First order of business, no matter the injury, is STOP any activity that causes pain. Seems obvious, but most of us are pretty stubborn & don’t follow this one simple rule.

Second, if you are seriously injured (major swelling, severe pain at the touch, blood or a bone sticking out), immediately go see a professional! But a lot of times we get these aches & pains that are not necessarily serious, but should be given some serious TLC. Most tears or strains cause inflammation in surrounding tissues. When you continue to workout without proper modifications that cater to your injury, you’re creating muscle imbalances that could lead to further injury. If your shoulder has been bothering you, time to focus strengthening your lower half. Find some sort of upper body push/pull movements that you can complete with proper form & don’t put you in agony. If you’re ok with it, take an over the counter anti-inflammatory within the first few days.

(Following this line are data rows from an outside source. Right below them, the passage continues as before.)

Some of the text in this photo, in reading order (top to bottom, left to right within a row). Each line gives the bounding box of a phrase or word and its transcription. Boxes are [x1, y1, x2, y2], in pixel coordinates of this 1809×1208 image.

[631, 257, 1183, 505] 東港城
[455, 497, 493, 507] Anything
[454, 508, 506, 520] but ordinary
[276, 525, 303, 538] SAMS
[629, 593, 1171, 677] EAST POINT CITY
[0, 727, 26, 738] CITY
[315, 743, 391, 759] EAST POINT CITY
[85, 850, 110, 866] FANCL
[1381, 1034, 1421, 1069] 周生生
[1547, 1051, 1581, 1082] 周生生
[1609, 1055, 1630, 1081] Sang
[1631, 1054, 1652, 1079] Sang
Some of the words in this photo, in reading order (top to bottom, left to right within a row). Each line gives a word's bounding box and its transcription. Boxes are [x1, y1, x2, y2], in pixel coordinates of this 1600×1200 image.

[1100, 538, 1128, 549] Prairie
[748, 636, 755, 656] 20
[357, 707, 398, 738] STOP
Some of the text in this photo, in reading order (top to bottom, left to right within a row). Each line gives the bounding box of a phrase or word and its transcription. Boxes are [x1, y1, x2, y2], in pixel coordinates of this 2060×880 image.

After taking some time off & letting the injury begin the healing process, it’s time to start some rehab. Obviously there are different protocols for each particular ailment, in the case of strained TFL– a low lunge variation twisting toward your front leg (affected leg should be behind you) will help stretch & open up hips. King pigeon or thread the needle for the not so advanced is another pose to stretch the hips.

Consider seeing a sports massage therapist, often times they have tools to break up scar tissue or relieve tight knotted up muscles. A lacrosse ball, or tennis ball can be used as well–lay with ball on the most tender area & move it around maintaining pressure for 10-20 seconds. This type of therapy should only be used every other day, since you might feel sore after.

The last step I recommend, after you’re healed up & ready to get back in the game is to strengthen the muscles around the injury. Again, in this case, strengthening the glutes, quadriceps & maintaining flexibility in the hips will all help to prevent future injuries.

If you’re uncertain of what to do, go see a doctor & get a Rx to see a physical therapist. They will give you all kinds of exercises that will stretch, heal, repair & re-strengthen your ailment. Yea, I get it’s annoying to make time to go see someone to tell you to do the most basic movements. But it’s a small price to pay to heal your body. You only have this one body, so you might as well take care of it while you have it!